The application of SuStaIn to a large set of MS MRI scans identified three subtypes, characterised by distinct temporal patterns of MRI changes that could be staged. Results from an independent set corroborated these three subtypes. We found that a patient’s baseline subtype and stage was associated with the individual risk of disease progression. Combining MRI-based subtypes with clinical information increased prognostic accuracy when compared with using MRI information alone. The patterns of MRI abnormality in these subtypes provide insights into disease mechanisms and, alongside clinical phenotypes, they may aid stratification of patients for future interventional studies.
Our primary hypothesis was that a model based on MRI rather than solely on clinical data helps to improve a biological understanding of MS disease progression. There were differences in the risk of disability progression, disease activity and treatment response across subtypes, which suggested that they reflected different pathobiological mechanisms relevant to the manifestations of the disease. Among the three different subtypes, the lesion-led subtype, which was characterised by early and extensive lesion load, showed the fastest accumulation of lesions over time, highest relapse rate and contrast-enhancing lesions, and highest risk of 24-week confirmed disability progression. Interestingly the lesion-led subtype showed the development of deep grey matter atrophy after the T2 lesion accrual. These findings are consistent with substantial focal inflammatory demyelination early on, with neurodegeneration in the deep grey matter being secondary to lesion accumulation8,9, related to the degeneration of tracts transected in MS lesions or concomitant inflammatory processes in the white matter and deep grey matter10,11. Notably, the lesion-led subtype was the only subtype that showed a significant treatment response in both RRMS and progressive (PP and SP) MS trials, suggesting that SuStaIn, alongside clinical phenotypes, may be used for selecting patients who are more likely to respond to medications targeting inflammatory lesion activity.
When looking at the trajectory of MRI changes defining the cortex-led subtype, this group showed early cortical atrophy in the occipital and parietal regions, subsequent development of atrophy in the other grey matter regions and accumulation of T2 lesions, and late NAWM abnormalities. This suggests that the pathological underpinning of the cortex-led subtype is more insidious and may relate to neurodegeneration in the cortex8,9 and compartmentalised, chronic inflammation in the white matter, which is not reflected by the visible lesions. The concurrent development of cortical atrophy and accumulation of lesions points to retrograde neurodegeneration of tracts transected in white matter lesions12. The majority of patients belonged to the cortex-led subtype, in both the training and validation datasets. This subtype responded to a lesser extent to treatments. This observation suggests that the neurodegenerative component of MS is clinically relevant and remains difficult to target with treatments. It is important to note that SuStaIn disentangles not only the sequence but also the severity of abnormality at each stage. The parietal cortex showed the greatest early atrophy (Supplementary Figure 2) of all cortical regions, regardless of subtype. This might be related to the network mediated pathology in areas of the cortex that were part of the default mode network, such as the parietal lobe (which includes the precuneus) or those connected to the visual system (the occipital cortex) show early damage, as has been demonstrated in previous MRI and histopathological studies12,13,14.

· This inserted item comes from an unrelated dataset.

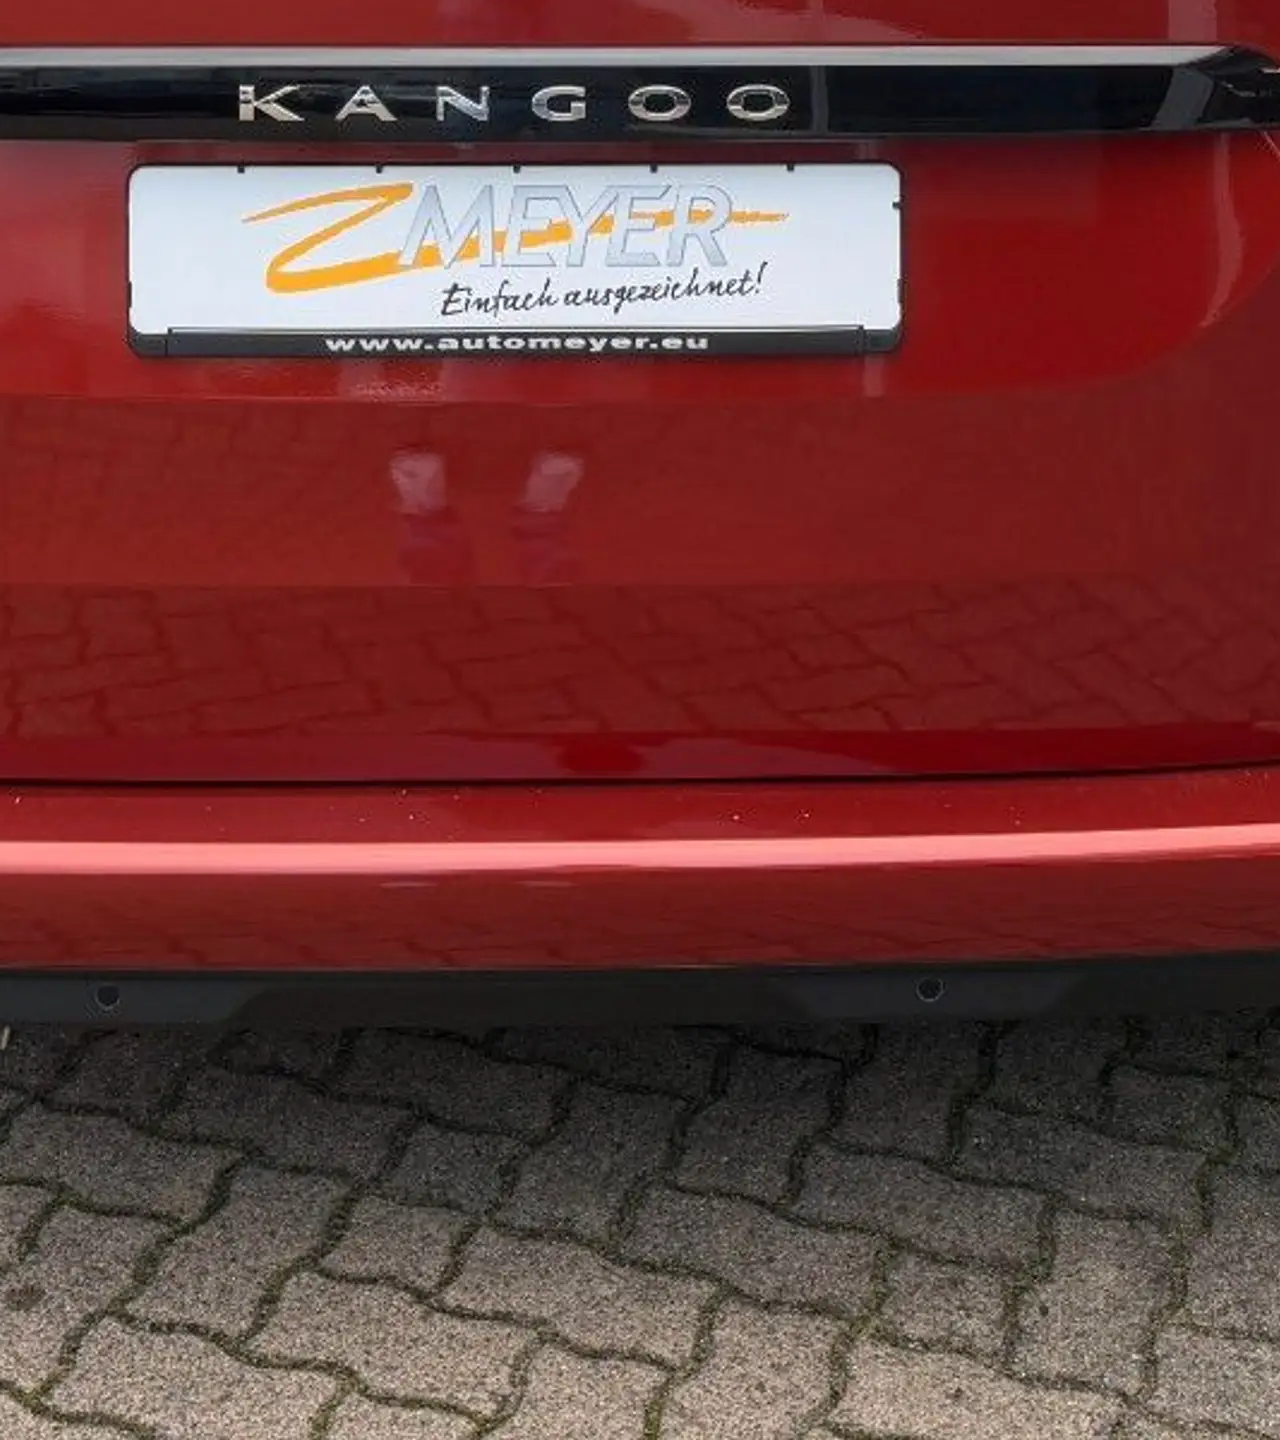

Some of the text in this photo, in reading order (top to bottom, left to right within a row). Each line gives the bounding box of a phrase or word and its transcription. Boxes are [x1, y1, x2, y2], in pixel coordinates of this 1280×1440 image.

[237, 84, 791, 123] KANGOO
[439, 261, 769, 317] Einfach ausgezeichnet!
[325, 333, 709, 353] www.automeyer.eu

When looking at the baseline SuStaIn stage, and change over time, the lesion-led subtype had the highest stage at baseline, and the most rapid increase over time. However, it is important to note that stages are not comparable across subtypes: they represent different patterns of abnormalities, and linear and non-linear changes from one stage to another, which is different across subtypes.
The lesion-led subtypes had the worst prognosis in terms of accumulation of pathology (faster lesion accumulation) and disability progression. Disease duration, both in the training dataset (9.09 years) and the validation dataset (11.63 years), was the highest in the lesion-led subtype. We postulate that this reflects a shorter prodromal period in the lesion-led compared with other subtypes; The higher relapse rate and faster rate of disability progression may contribute to an early diagnosis15. Another possibility is that longer disease durations in the lesion-led subtype reflect patients converting from another subtype as they progress. However, this is unlikely to be the case, at least in the time span of a clinical trial, as shown in our reliability analyses, and natural history studies suggest that focal inflammatory activity tends to diminish rather than increase over time16.
MRI-based subtyping predicted disability progression and treatment response irrespective of clinical phenotypes. The MRI-based subtypes and stages were more strongly associated with EDSS worsening than the baseline EDSS or clinical phenotypes. Even in the validation dataset, where the baseline EDSS ranged from 3.5 to 4.0 for all the three MRI-based subtypes, the MRI-based subtypes still predicted disability progression. We chose a model based on MRI data, rather than including clinical data, to enable a biological understanding of disease progression as opposed to supervised or semi-supervised methods that may include clinical outcomes. Taken together, the MRI-based subtypes can be used alongside clinical phenotypes to add value in prognosticating patient outcomes.
A discrepancy between training and validation datasets was that the second most common subtype in the training dataset was NAWM-led, while in the validation dataset it was lesion-led. This may be explained by the characteristics of PPMS patients of the ORATORIO trial in the validation phase. ORATORIO was a phase 3 trial enriched with patients with active PPMS17. This discrepancy highlights that the current phenotypic classification of MS does not fully address the heterogeneity of patients, whereas a data-driven subtyping system can provide a more systematic and objective classification. We could have used individual-based matching as opposed to study-based (clinical trial-based) matching to balance the training and validation dataset, however, we chose the latter to ensure that the treatment response calculations were not biased by changes in the prospectively, and randomly, recruited placebo arms. This choice also enabled us to test our models in truly independent datasets that were acquired by separate investigators at different times.
MS is heterogenous clinically and on MRI, so we included clinical variables (EDSS, 9-Hole Peg Test, and Timed-Walk Test) alongside MRI-based subtypes, to build a more comprehensive model to predict patient outcomes. We found that including clinical assessments at study entry significantly increased the accuracy (concordance index of 0.63 vs. 0.55) of MRI-based subtypes in predicting 24-week CDP. However, we did not include clinical information in the SuStaIn model to subtype patients, because these variables violate monotonicity (variables move in one direction as disease progresses) and normative assumptions (variables are drawn from the sample of healthy volunteers from whom MRI data were acquired) of SuStaIn algorithm6. We found that the MRI-based subtypes predicted CDP whilst single MRI variables (lesion load and whole brain volume) did not, suggesting that a comprehensive model is necessary to achieve the difficult task to predict disability progression.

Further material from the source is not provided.